Selective expression of the vascular addressin recognized by MECA-79 on endothelia in endocardial infiltrates of human heart allografts

Tissue-specific cell-cell adhesion between lymphocytes and endothelia may be pivotal in the development of subsequent immune recognition phenomena and in the exit of lymphocytes from the vascular system. The monoclonal antiody MECA-79 stains the peripheral lymph node addressin, an endothelial cell adhesion molecule for lymphocytes found on high endothelial venules in murine and human peripheral lymph nodes, and reflects site-specific and tissue-selective reactivity.

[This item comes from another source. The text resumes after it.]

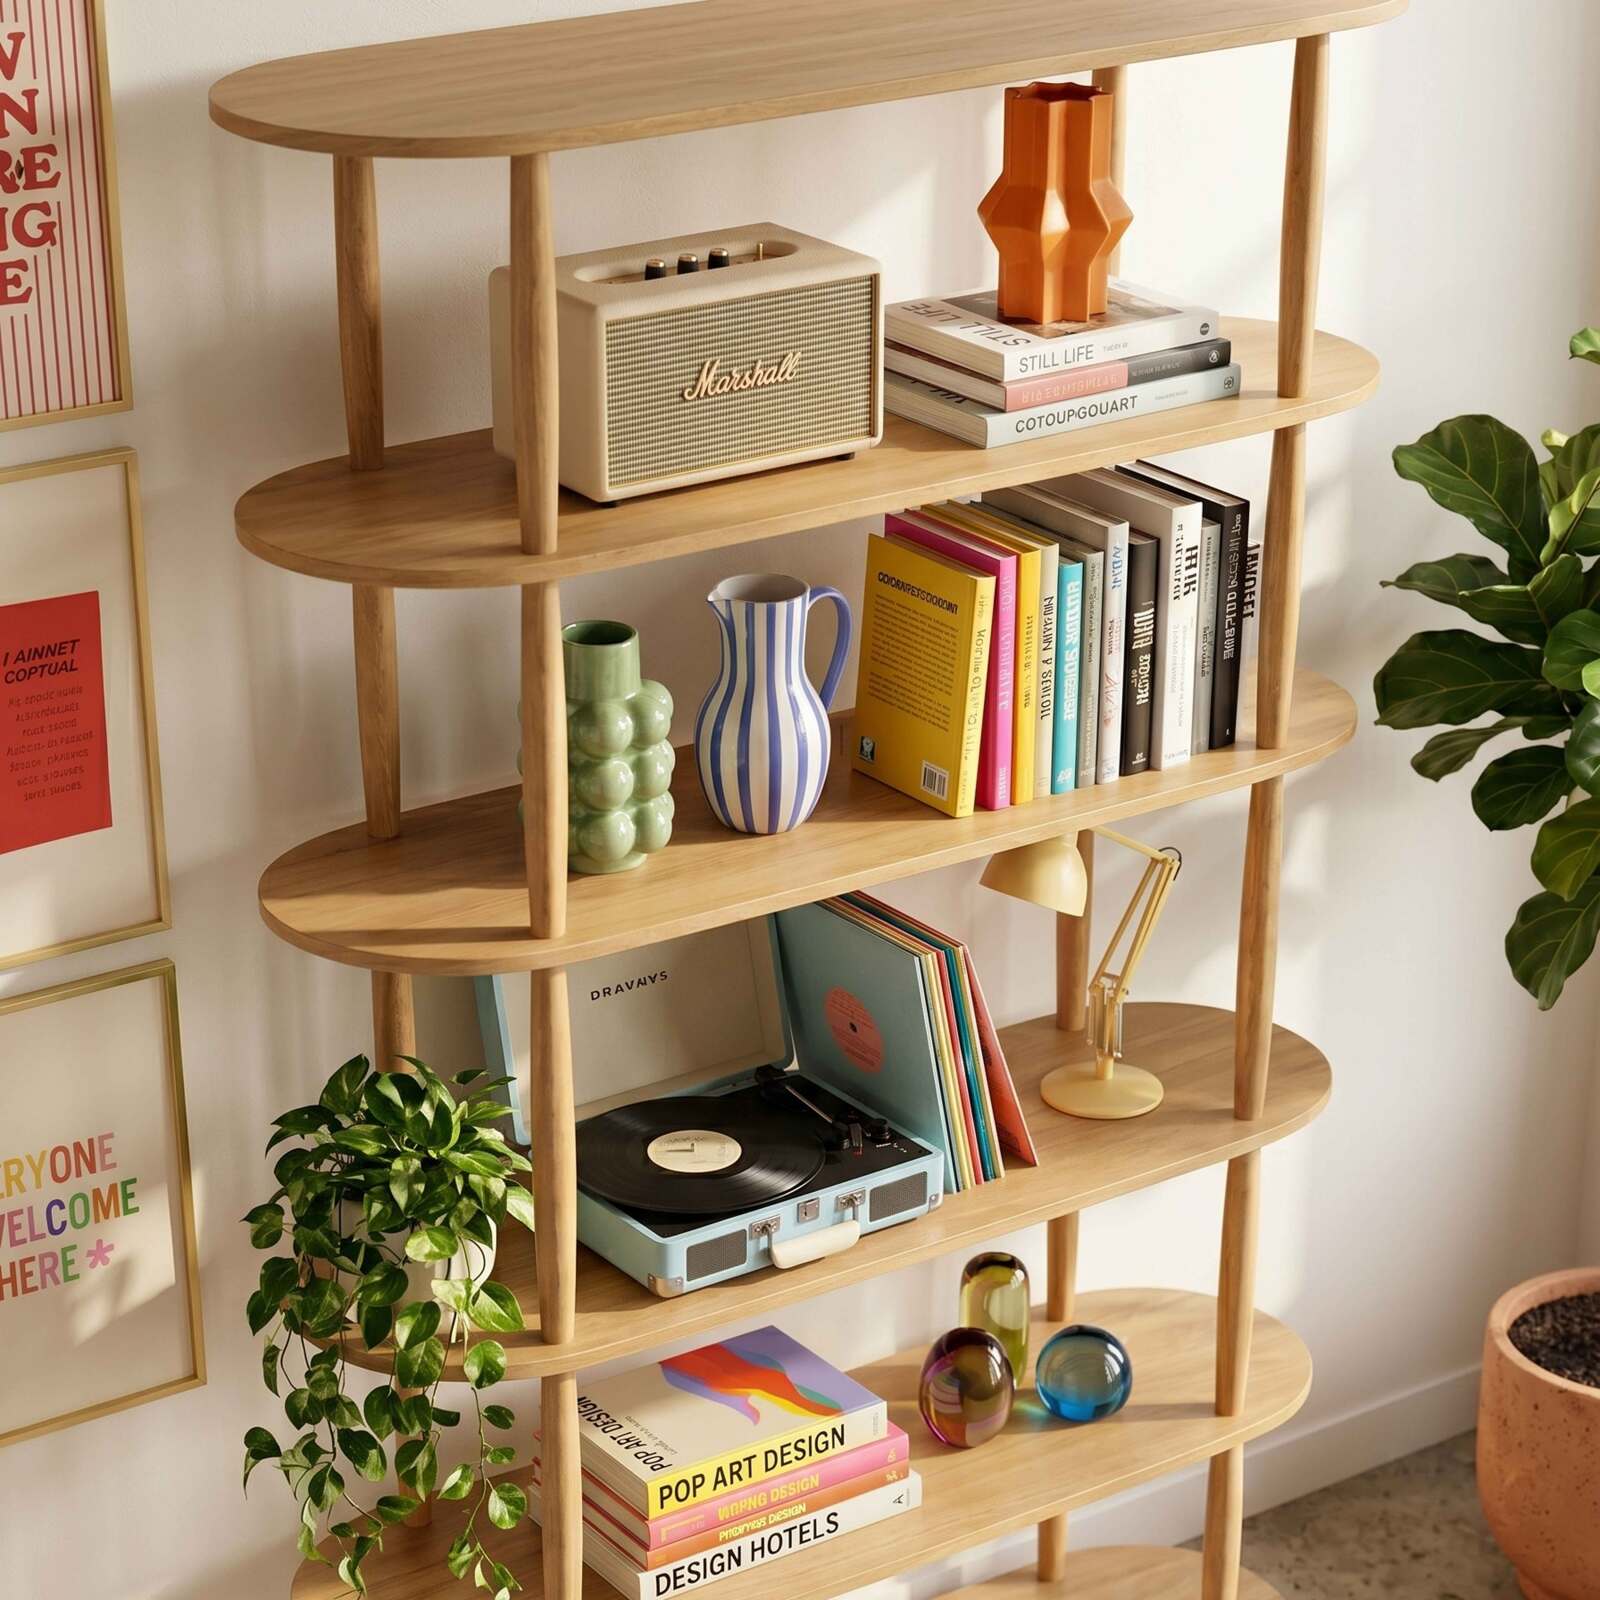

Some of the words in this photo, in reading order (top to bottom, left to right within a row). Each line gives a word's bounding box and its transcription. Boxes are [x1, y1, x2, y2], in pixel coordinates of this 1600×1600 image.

Utilizing avidin-biotin complex immunoperoxidase, we studied areas of endocardial infiltrate with MECA-79 in 168 formalin-fixed, paraffin-embedded endomyocardial biopsy specimens from human heart allograft recipients. Staining in these specimens was compared to that in transmural left ventricular sections of failed heart allografts with or without rejection present, sections from hearts with fatal myocarditis, and sections from hearts with myocardial infarcts. Of the 168 endomyocardial biopsy specimens, 41 (23%) had typical vascularized endocardial mononuclear cell infiltrates (Quilty effects). Of these 41 specimens, 29 (64%) had high endothelial venule positivity with MECA-79. In contrast, staining of small blood vessels was positive in only a single vessel in the deep myocardium of 15 large transmural allograft sections and in none of 18 myocarditis or 4 infarct sections. The selective and striking MECA-79 staining in endocardial infiltrates suggests that lymphocyte homing to this location can involve mechanisms distinct from areas of myocardial rejection.